C’erano orde di odiatissime scimmie, teste di zombie che saltavano come tappi di champagne, un arsenale di tutto rispetto, decine di missioni da completare non prima di aver esaurito l’intero campionario di imprecazioni in proprio possesso, un multiplayer (rigorosamente in locale) che definire assuefacente sarebbe un eufemismo. C’era tutto questo, è vero, ma non era finita qui. Il single player, di quell’indimenticabile capolavoro che risponde al nome di TimeSplitters 2, abbondava di momenti memorabili e non solo grazie alla comicità e ilarità scaturita da certi passaggi della sceneggiatura.

Per esempio, la missione in Siberia, quella che avviava l’avventura, era in più di un senso un doveroso e sentitissimo omaggio a quel GoldenEye 007 che in molti, in Free Radical, avevano contribuito a sviluppare ai bei tempi andati della Rare ancora in grado di stupire e ammaliare il suo pubblico. Anche farsi strada nella fredda cattedrale di Notre Dame, a suon di potenti colpi di doppietta, del resto, aveva il suo perché.

Timesplitters 2 screenshot 1

NeoTokyo in tutta la sua desolante e deprimente bellezza.

Eppure, nonostante i tanti highlight, nulla seppe affascinare le nostre giovani menti di videogiocatori in cerca di emozioni forti come l’approdo nella NeoTokyo del 2019, dopo l’ennesimo balzo temporale del Sergente Cortez nel disperato tentativo di impedire la fine del genere umano. La fumosa e distopica capitale nipponica del futuro, ben prima che come l’ennesimo scenario in cui scatenare una tempesta di piombo, si presentava agli occhi dell’utente come un mix di citazioni e rimandi ad un nutrito numero di opere sci-fi.

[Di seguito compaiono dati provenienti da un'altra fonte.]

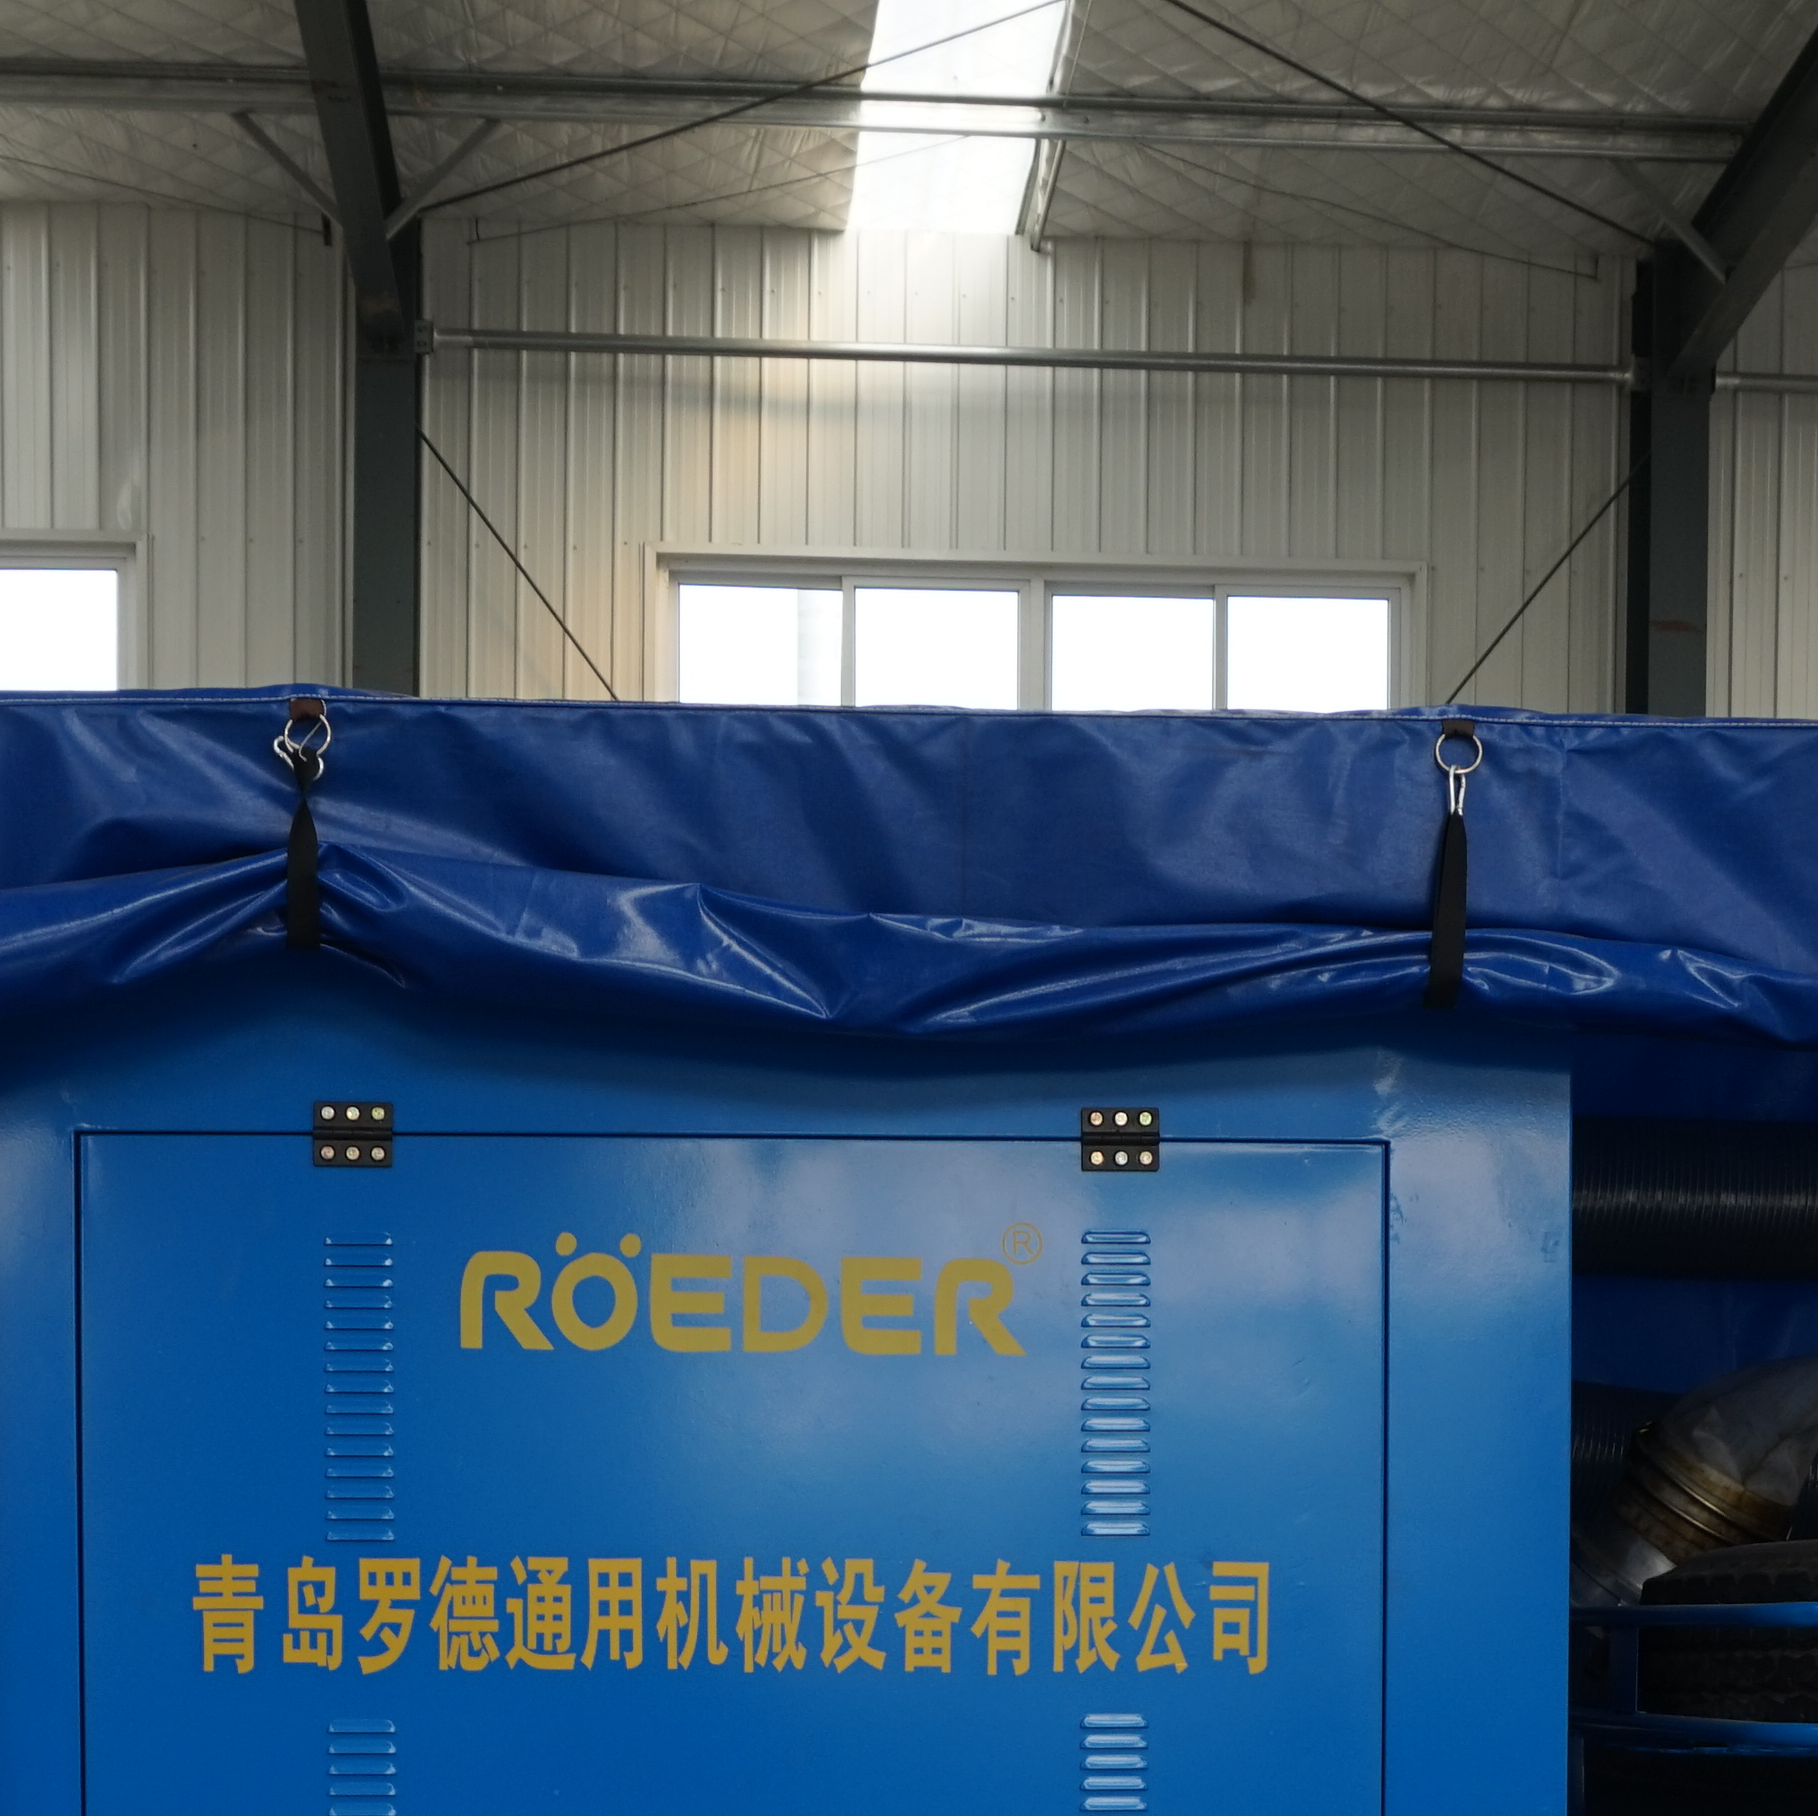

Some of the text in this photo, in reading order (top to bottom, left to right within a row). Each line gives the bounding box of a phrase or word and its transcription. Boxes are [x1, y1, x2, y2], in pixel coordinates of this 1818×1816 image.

“l’esplorazione delle sparute vie e quartieri che componevano l’ambientazione era più che sufficiente per innescare una lunga serie di reminiscenze circa film e romanzi consumati negli anni”

Stando ben attenti a non perdere di vista l’ignara malvivente che, opportunamente e attentamente pedinata, ci avrebbe condotti nel suo covo, l’esplorazione delle sparute vie e quartieri che componevano l’ambientazione era più che sufficiente per innescare una lunga serie di reminiscenze circa film e romanzi consumati negli anni. Su tutti, ovviamente, spiccava Blade Runner. Le insegne pubblicitarie, le gigantesche scritte al neon, lo stesso degrado, pur appena accennato, in cui riverserebbe l’umanità di questo futuro, rimandano prepotentemente al lungometraggio di Ridley Scott. La colonna sonora, al contempo, proponeva una riuscitissima fusione del genere chill-out con sonorità arabe e orientali, suggerendo sia quell’incontro (e scontro) di culture e popoli proprio dello stesso Blade Runner, sia ricordando da vicino soundtrack di film del calibro de Il Quinto Elemento o Nirvana. Lo stesso design del villain del livello, la letale Sadako, era equipaggiata di un ingombrante visore che avrebbe fatto invidia a Johnny Mnemonic.

Timesplitters 2 screenshot 2

Il livello iniziava con un’interessante fase stealth in cui bisognava evitare di farsi scoprire dalle telecamere di sicurezza per intrufolarsi nel covo dei nemici. Una volta dentro si poteva scegliere se continuare a mantenere un basso profilo o se dare sfogo alle proprie smanie distruttrici.

La scampagnata a NeoTokyo, in TimeSplitters 2, in termini puramente ludici non è certamente tra i livelli più riusciti dell’avventura. I ritmi blandi e il suo level design tutt’altro che irreprensibile, lo innalzano a massima espressione di un precoce invecchiamento che ha investito l’intero genere con l’avvento delle ben più performanti PlayStation 3 e Xbox 360, che fondarono parte del loro successo proprio su FPS spettacolari e impattanti sia sul piano degli effetti speciali, sia sul piano prettamente registico.

Poco male, in ogni caso, perché il feeling di quello scorcio di futuro, bastò per farci innamorare ancor più profondamente di TimeSplitters 2. Come se non bastasse, fu un esempio lampante di cosa fossero ormai diventati i videogiochi: mondi non solo abbozzati e parzialmente in grado di raccontare storie, ma veri e propri luoghi virtuali, ricchi di dettagli, accenni e riferimenti. Oggi come oggi, non vale quasi la pena rispolverare l’FPS di Free Radicals, irrimediabilmente e malamente invecchiato, sebbene certe ambientazioni, come quella qui presa in esame per l’appunto, siano ancora in grado di ammaliare, non fosse per il carico di dolci ricordi che si trascinano dietro.